**Extracted data:**
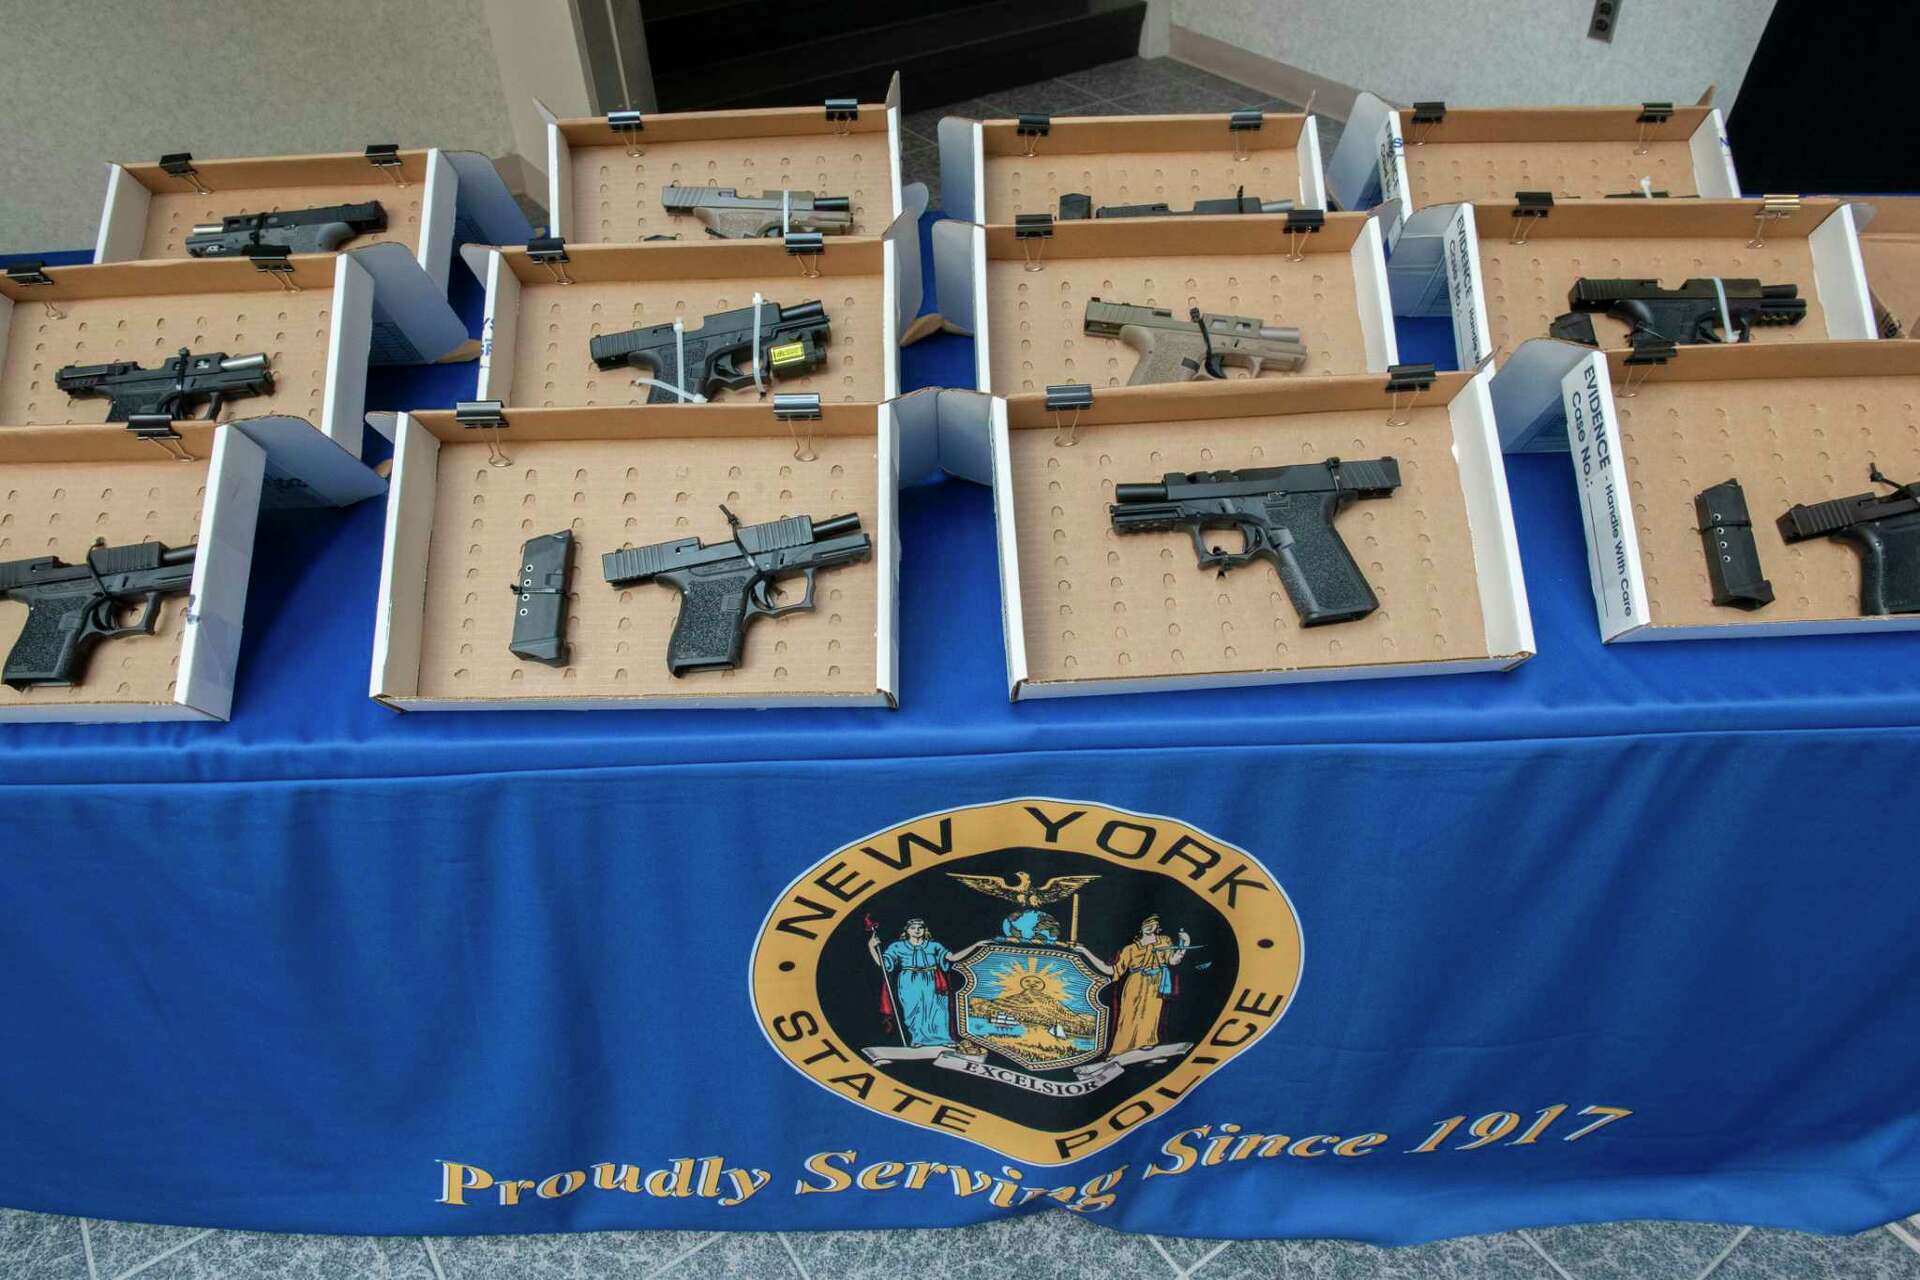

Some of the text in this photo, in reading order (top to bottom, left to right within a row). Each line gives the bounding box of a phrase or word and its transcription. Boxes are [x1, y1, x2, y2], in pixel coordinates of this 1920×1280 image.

[1449, 239, 1458, 282] Case
[1456, 215, 1473, 298] EVIDENCE
[1571, 391, 1586, 442] Case
[1584, 365, 1611, 470] EVIDENCE
[1605, 483, 1619, 539] Handle
[1615, 540, 1626, 576] With
[1620, 578, 1632, 617] Care
[775, 806, 1270, 941] NEW YORK
[772, 987, 1284, 1160] STATE POLICE
[963, 1060, 1101, 1098] EXCELSIOR
[434, 1155, 772, 1207] Proudly
[1141, 1122, 1389, 1181] Since
[1401, 1102, 1634, 1154] 1917

**Exercise objective:** All the records need to be repeated exactly, with the images dropped.

**Result of the exercise:**
Some of the text in this photo, in reading order (top to bottom, left to right within a row). Each line gives the bounding box of a phrase or word and its transcription. Boxes are [x1, y1, x2, y2], in pixel coordinates of this 1920×1280 image.

[1449, 239, 1458, 282] Case
[1456, 215, 1473, 298] EVIDENCE
[1571, 391, 1586, 442] Case
[1584, 365, 1611, 470] EVIDENCE
[1605, 483, 1619, 539] Handle
[1615, 540, 1626, 576] With
[1620, 578, 1632, 617] Care
[775, 806, 1270, 941] NEW YORK
[772, 987, 1284, 1160] STATE POLICE
[963, 1060, 1101, 1098] EXCELSIOR
[434, 1155, 772, 1207] Proudly
[1141, 1122, 1389, 1181] Since
[1401, 1102, 1634, 1154] 1917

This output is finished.